▶ **What to do**: Would you copy out the following entries exactly, without any of the pictures?

(Dataset entries)

+--

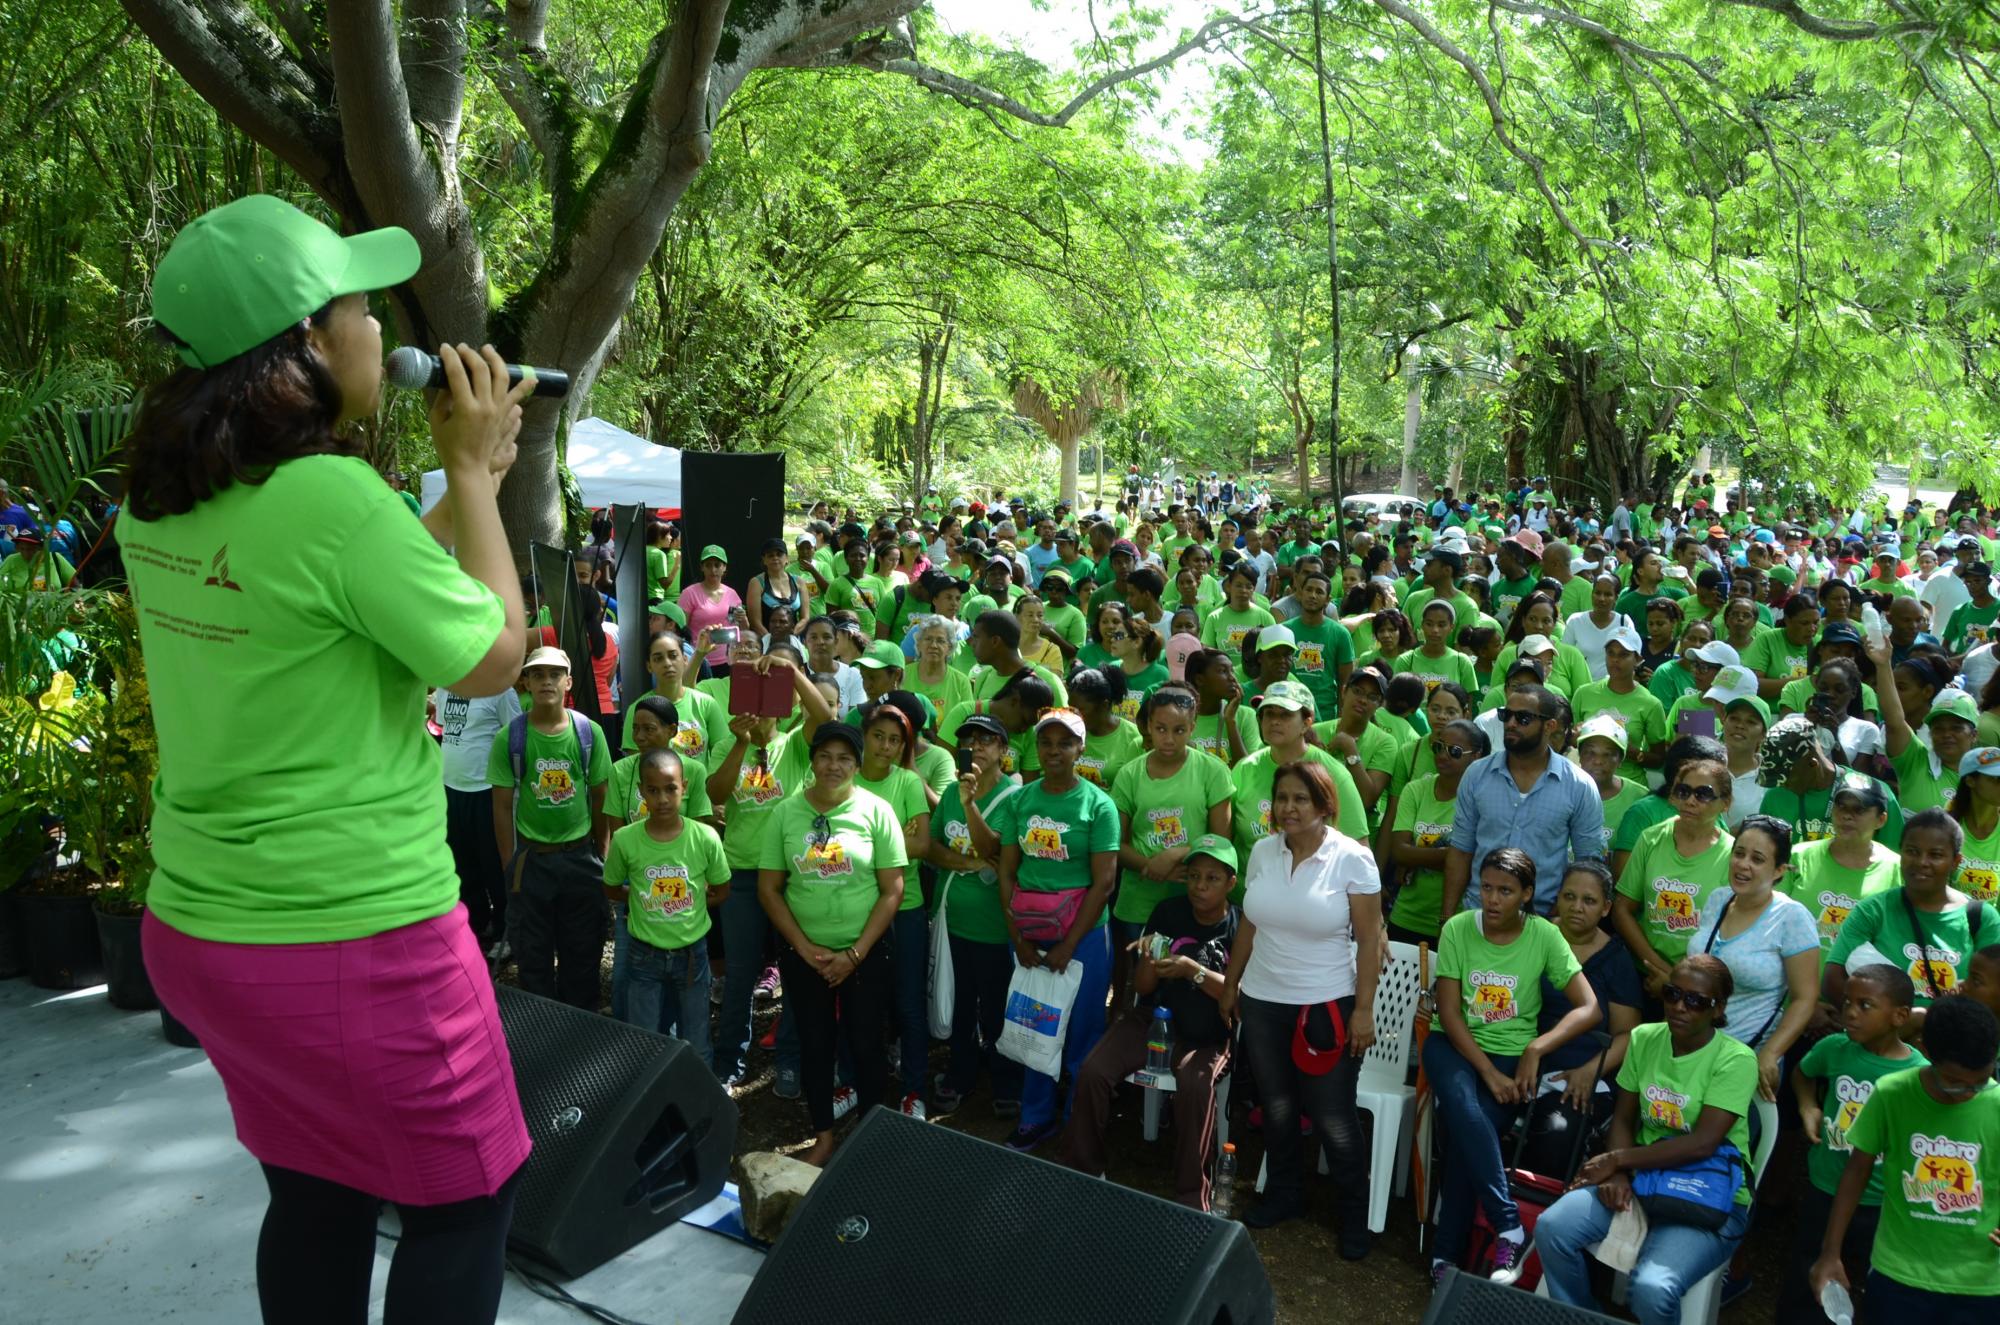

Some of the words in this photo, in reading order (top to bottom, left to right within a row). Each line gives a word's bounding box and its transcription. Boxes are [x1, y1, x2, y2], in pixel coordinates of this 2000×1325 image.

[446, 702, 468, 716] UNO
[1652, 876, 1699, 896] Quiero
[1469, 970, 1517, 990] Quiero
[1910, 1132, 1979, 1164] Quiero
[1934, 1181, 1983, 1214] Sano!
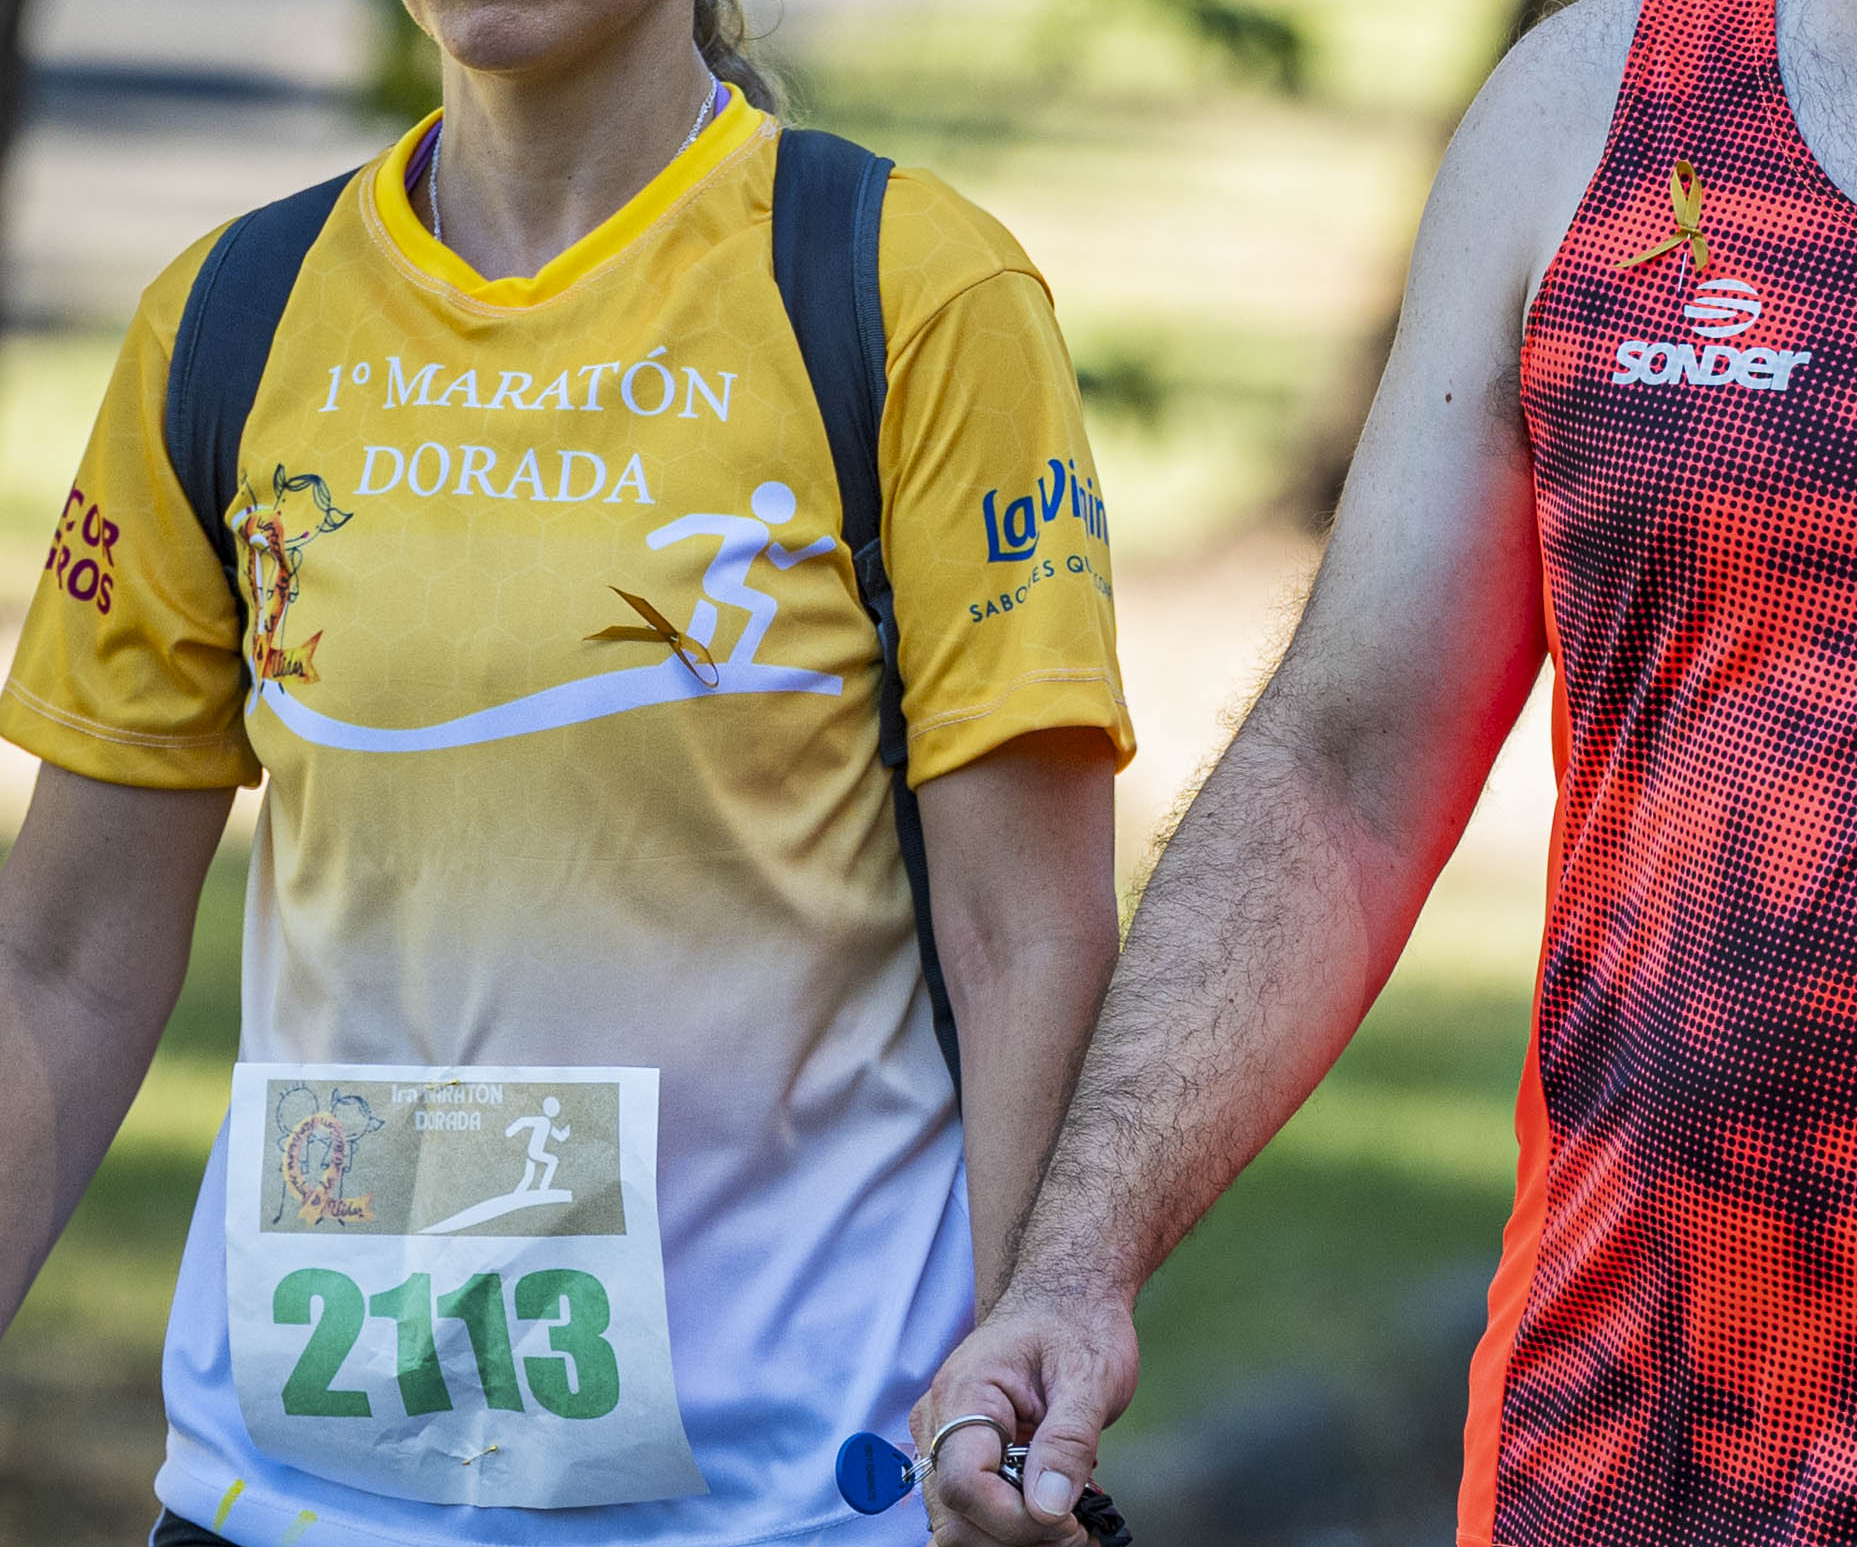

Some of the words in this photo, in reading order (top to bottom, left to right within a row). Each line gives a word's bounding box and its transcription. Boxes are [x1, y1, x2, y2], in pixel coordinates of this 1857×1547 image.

+--

▶ **Answer to this problem**:
Some of the words in this photo, in reading order (top to bottom, left to right within a row). Each line gives a word's bounding box and its transcription. Boxes are [x1, y1, x2, y2], in pixel coordinates of this 2000×1325 image.

[446, 702, 468, 716] UNO
[1652, 876, 1699, 896] Quiero
[1469, 970, 1517, 990] Quiero
[1910, 1132, 1979, 1164] Quiero
[1934, 1181, 1983, 1214] Sano!

Some of the words in this photo, in reading order (top to bottom, left to right within a row). Each line gives a word's bounding box and its transcription. Boxes are [x1, y1, x2, y2], in pixel coordinates of this 1857×1547 image.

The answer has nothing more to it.